6. Menashe – Joshua Z Weinstein
This 2017 film tells the story of a single father, Menashe, who wants to spend more time with his son. However, in the New York Hasidic community he comes from, a Rabbi has ruled that he needs to be re-married before his son can return to live with him. His first marriage was unhappy, so he is reluctant.
Director Joshua Z Weinstein was praised for allowing audiences a glimpse of this often closed-off community through a very human story with universal themes.
7. The Killing of a Sacred Deer – Yorgos Lanthimos
This 2017 film from The Lobster and The Favourite director Yorgos Lanthimos stars Colin Farrell and Nicole Kidman and tells the story of a surgeon who secretly befriends a teenage boy before eerie and terrible things start happening to his family.
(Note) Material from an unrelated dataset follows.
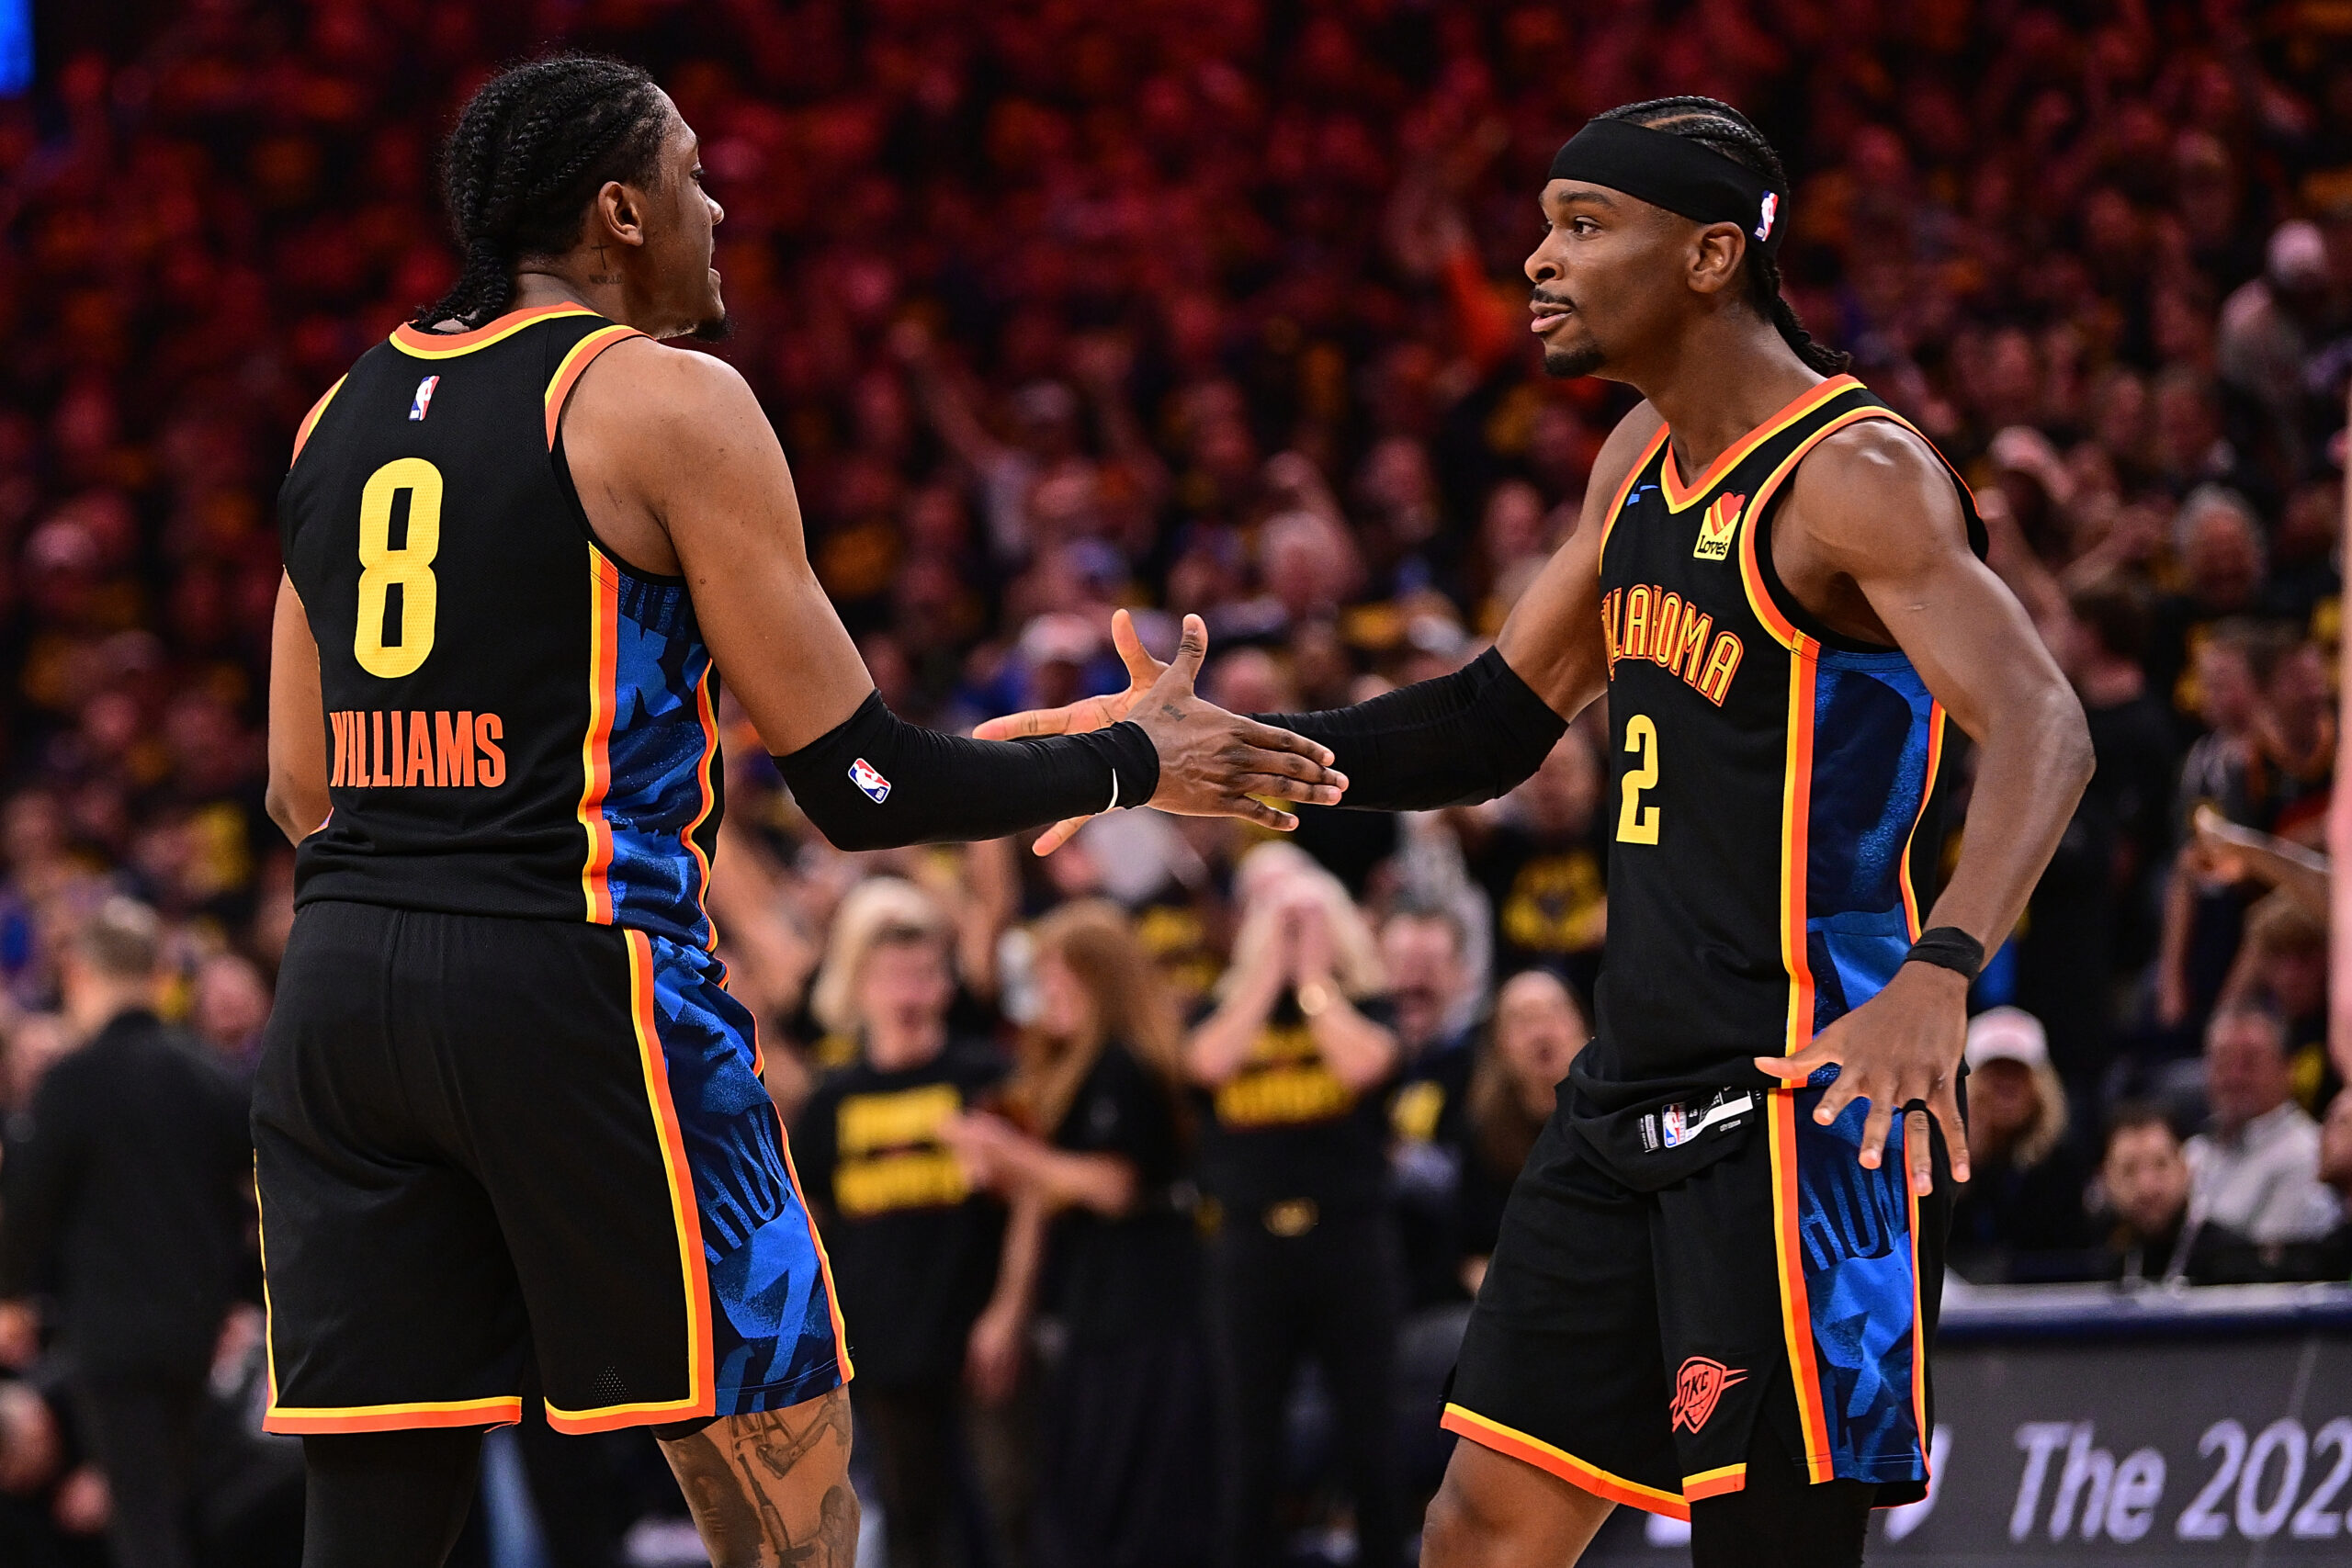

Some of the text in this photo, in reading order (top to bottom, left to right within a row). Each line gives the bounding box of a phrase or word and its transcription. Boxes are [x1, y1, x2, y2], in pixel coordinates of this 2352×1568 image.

[353, 457, 443, 679] 8
[1615, 714, 1660, 845] 2
[2008, 1416, 2352, 1543] The 202
The film is supposed to be inspired by Euripides’ play Iphigenia in Aulis, though the unsettling white hospital walls and stifled conversations between the characters evoke terror just as much as tragedy.
8. Lady Bird – Greta Gerwig
A coming-of-age drama from Little Women director Greta Gerwig, Lady Bird is about the relationship between a teenage girl (Saoirse Ronan) and her mother (Laurie Metcalf). The film earned five Oscar nominations, won two Golden Globe Awards, and was named by Time as one of the best films of the year.
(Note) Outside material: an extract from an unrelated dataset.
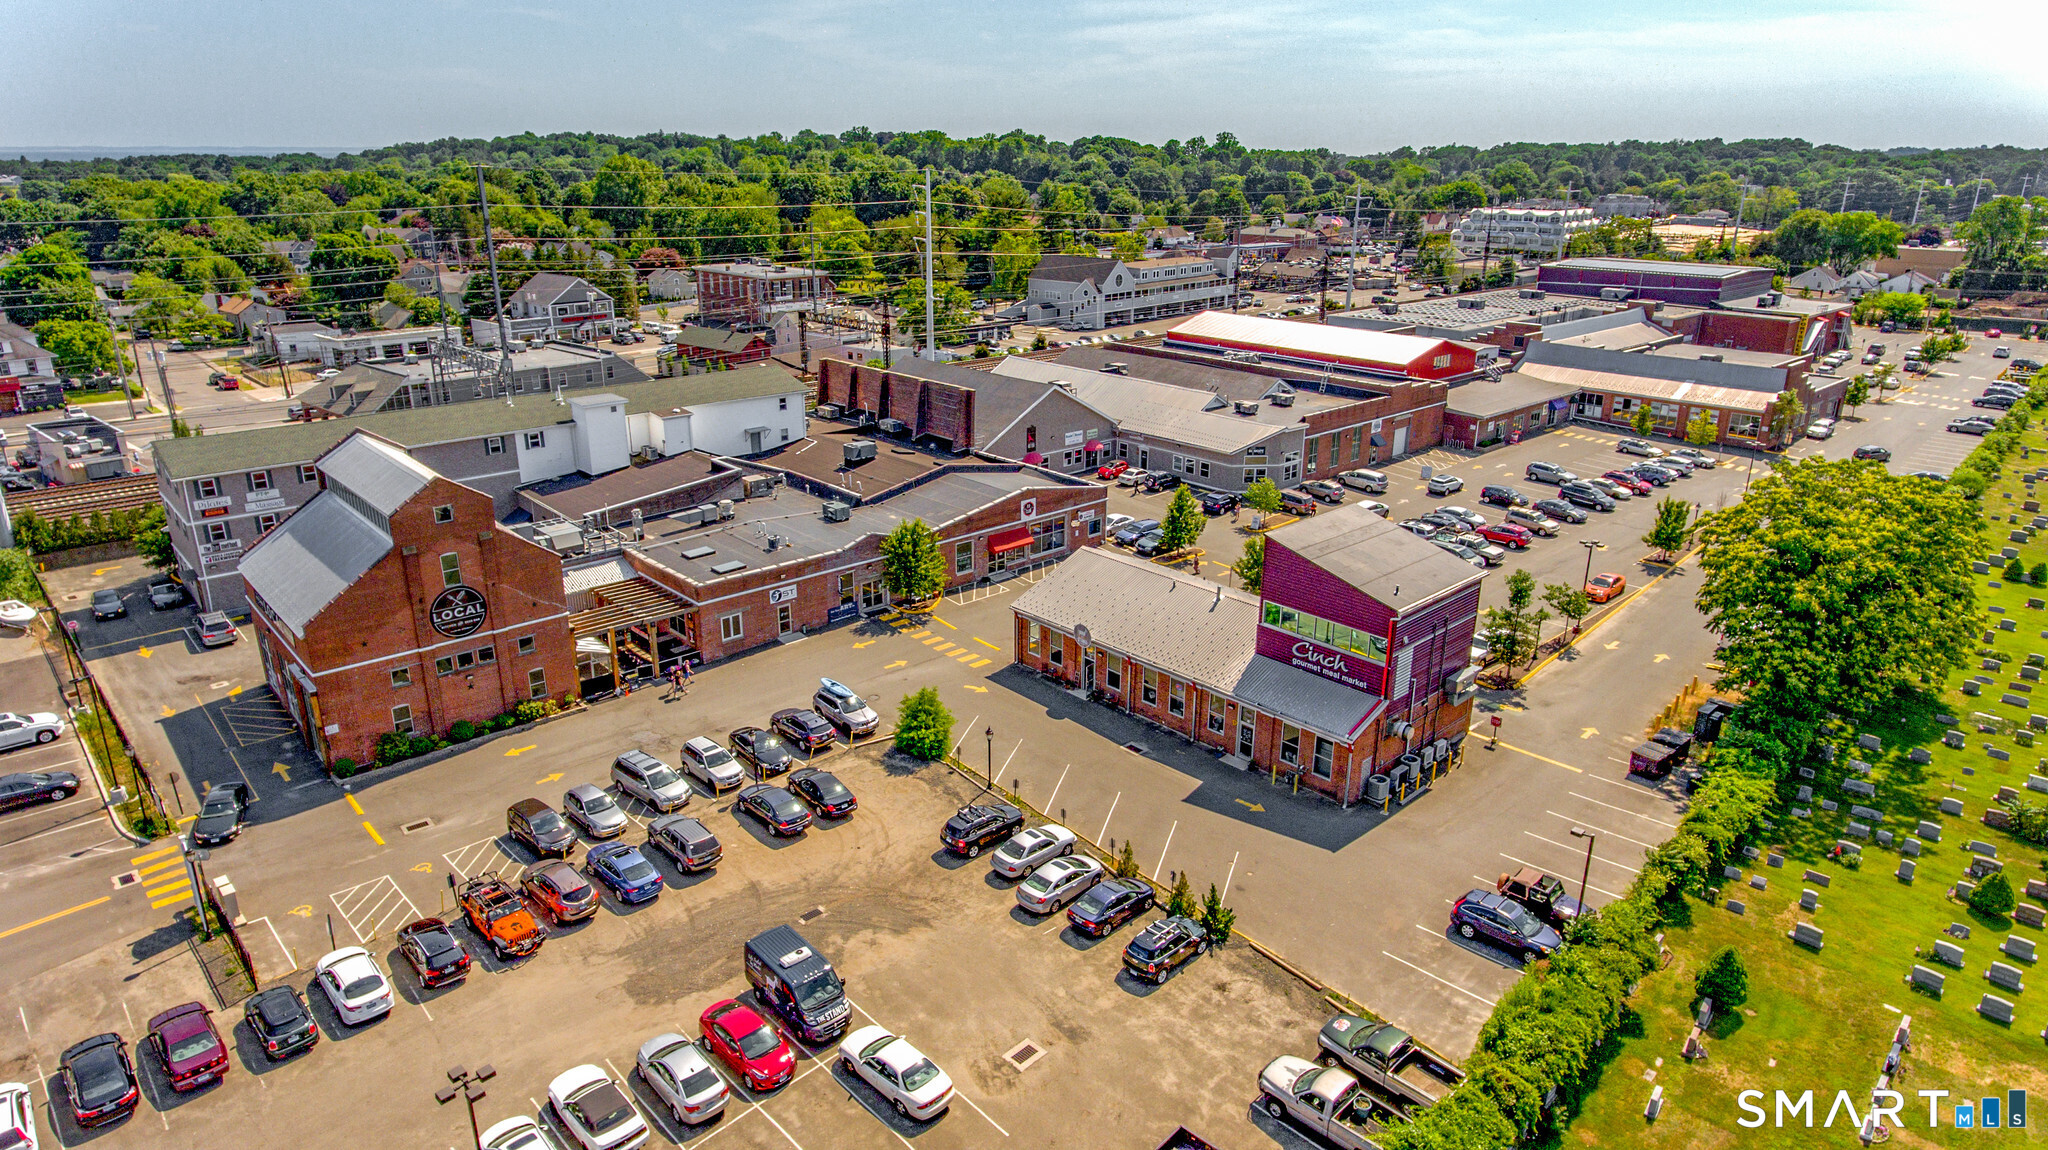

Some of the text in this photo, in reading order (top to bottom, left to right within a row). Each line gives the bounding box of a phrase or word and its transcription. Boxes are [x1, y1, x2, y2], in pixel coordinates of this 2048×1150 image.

9. Good Time – Josh Safdie and Benny Safdie
The Safdie brothers deserve to have two films listed on this round-up – their 2017 crime thriller Good Time is as full-throttle as Uncut Gems, backed by an incredible soundtrack. Robert Pattinson and Benny Safdie play two brothers who rob a bank. Safdie’s character Nick has a mental disability and gets caught up in his brother’s antics, with terrible results.
The film did garner some criticism for Nick’s portrayal, with The New York Times calling it “slack-jawed” – but many praised the high-octane action including Vulture, which said it was “the kind of thrill that sticks”.
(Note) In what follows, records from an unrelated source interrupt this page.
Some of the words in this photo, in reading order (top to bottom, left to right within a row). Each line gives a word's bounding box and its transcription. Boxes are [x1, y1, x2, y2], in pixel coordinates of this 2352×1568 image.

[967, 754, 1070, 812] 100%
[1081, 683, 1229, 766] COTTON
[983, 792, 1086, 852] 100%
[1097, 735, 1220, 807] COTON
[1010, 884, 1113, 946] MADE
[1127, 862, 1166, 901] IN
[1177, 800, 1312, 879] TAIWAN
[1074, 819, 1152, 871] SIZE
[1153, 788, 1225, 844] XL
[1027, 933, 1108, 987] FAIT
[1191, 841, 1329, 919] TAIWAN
10. Remember – Atom Egoyan
Remember is a drama-thriller starring Christopher Plummer as a Holocaust survivor with dementia who decides to kill a Nazi war criminal. It’s a devastating work, playing on themes of regret, revenge, hatred and forgiveness and growing old. Director Atom Egoyan was awarded the 2015 Vittorio Veneto Film Festival Award at Venice for the film.
11. Moonlight – Barry Jenkins
We all remember that painful moment when La La Land was read out at the 2016 Oscars as the winner of Best Picture, when actually Moonlight had won. Well they got there in the end, and good thing too.
Starring Mahershala Ali, Naomie Harris, Trevante Rhodes and André Holland, the coming of age film follows three stages of a man’s life as he grapples with his sexual identity. The film earned Ali Best Supporting Actor at the Oscars and Best Adapted Screenplay for Barry Jenkins and Tarell Alvin McCraney, too. It also went on to be one of A24’s biggest earners.
12. Amy – Asif Kapadia
Another smash hit, Asif Kapadia’s 2015 documentary Amy, about Amy Winehouse, won an Oscar for Best Documentary Feature, won Best Music Film at the Grammy Awards and won Best Documentary at British Academy Film Awards. An absolute must for Amy fans, as it tracks the singer’s life as she rises to fame and then follows her struggles with addiction.
The film was seen as painting Winehouse’s father, Mitch, in a negative light, and the family largely shunned it. “The film is representing me in a not very good way. There is no balance, there’s nothing about the foundation,” said Mitch on ITV’s This Morning in 2015.